Man to Man: What Will I Become?

            In December of 2013, I had a disc in my back trimmed to relieve the pressure on a nerve that was causing me pain. The relief I received lasted less than a year and I began receiving injections in my spinal column to easy the pain. Finally, in June of 2015, I had surgery to fuse three of my vertebrae together.

            Three weeks after the surgery, I found myself pacing around my home in the middle of the night in more pain than I had every experienced. I waited for as long as I could before awakening Cindy to take me back to the hospital. Tests quickly revealed that the screws used to hold the apparatus in my back in place had pulled out and, in the process, broken the vertebrae. I was back in surgery in just a few hours to repair the damage and get the fusion back in place.

            I learned many lessons during the forced down time in that summer. The one lesson is obvious, brokenness hurts. But I also learned another important lesson. If you let it, brokenness can result in coming out on the other side much wiser and stronger than you were before.

            As men, we do all we can to keep our lives together and looking strong. For the most part, this is exactly the thing to do. God calls us to be leaders in our home, ministries, and other relationships and this often requires strength and endurance. This is so ingrained in us, that there are times when we will not admit our brokenness. This time of struggle may come in physical, emotional, or even spiritual pain that we just cannot make go away. Although I understand the need at times to suck it up and soldier on, I also believe we may miss something very important from God if we don’t at least investigate if the brokenness in our lives is being allowed by him for our own good and his glory.

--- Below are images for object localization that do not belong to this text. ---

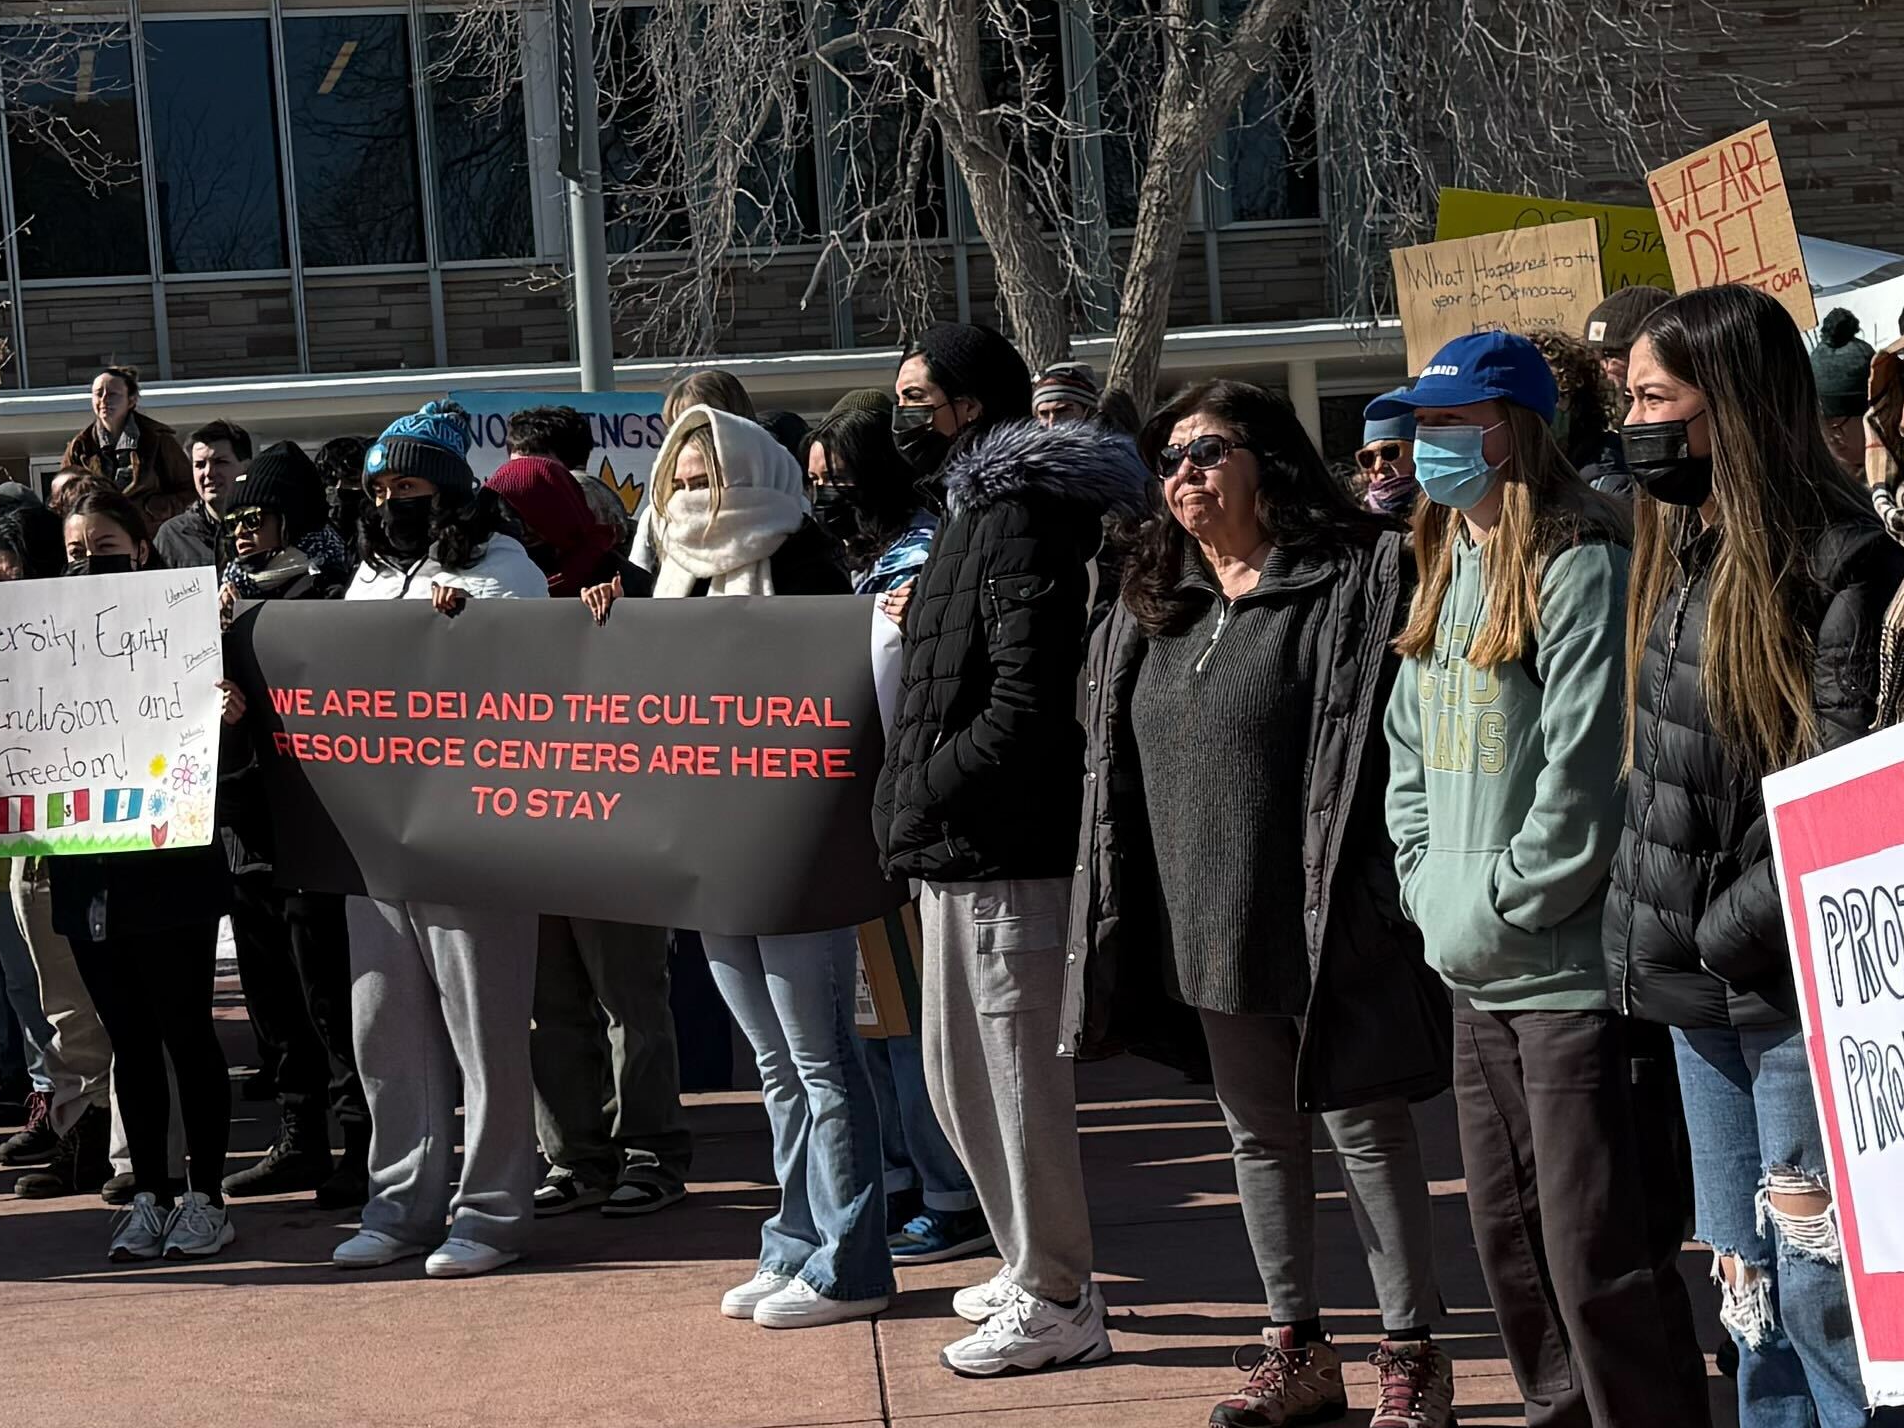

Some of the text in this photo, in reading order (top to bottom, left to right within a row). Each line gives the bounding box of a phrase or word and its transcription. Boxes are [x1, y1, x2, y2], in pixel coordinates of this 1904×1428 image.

[1652, 155, 1720, 232] WE
[1719, 128, 1782, 212] ARE
[1621, 229, 1667, 253] STA
[1685, 199, 1777, 290] DEI
[1403, 250, 1465, 290] What
[1553, 252, 1574, 269] to
[1772, 267, 1802, 293] OUR
[1431, 294, 1463, 315] year
[1470, 285, 1494, 308] of
[586, 413, 665, 449] INGS
[96, 605, 169, 671] Equity
[138, 682, 184, 720] and
[268, 688, 851, 728] WE ARE DEI AND THE CULTURAL
[272, 732, 856, 779] RESOURCE CENTERS ARE HERE
[471, 785, 622, 821] TO STAY

            The prophet Jeremiah is known as the “weeping prophet” because of the level of struggle his life endured. This was not struggle caused by his own sin, but because he spoke God’s truth to a people who were not all that excited to hear what he had to say. Many times he cried out to God in his torment. In chapter 18 of his prophecy, God sends him to the house of a potter to learn a lesson. As the potter was forming the pot, he noticed an imperfection and so he took a hammer and broke the pot into tiny pieces. He incorporated those pieces back into the lump of clay to form a new pot, this one more perfect. Jeremiah learned that at times, God, the shaper of our lives must break us to eliminate the imperfections and recreate us into something stronger and better for his purpose.

            The Apostle Paul explains it like this in 2 Corinthians 1:8-10, We do not want you to be uninformed, brothers, about the hardships we suffered in the province of Asia. We were under great pressure, far beyond our ability to endure, so that we despaired even of life. 9Indeed, in our hearts we felt the sentence of death. But this happened that we might not rely on ourselves but on God, who raises the dead. 10He has delivered us from such a deadly peril, and he will deliver us. On him we have set our hope that he will continue to deliver us, 

            What kind of a man are you willing to become? What will you allow God to do in your life to make you into that man? It may mean he has to break you a bit to get rid of the imperfections. When things are not as comfortable as you would like them to be in your life, ask these questions. “God, what do you want me to get rid of and what do your want me to allow you to develop?”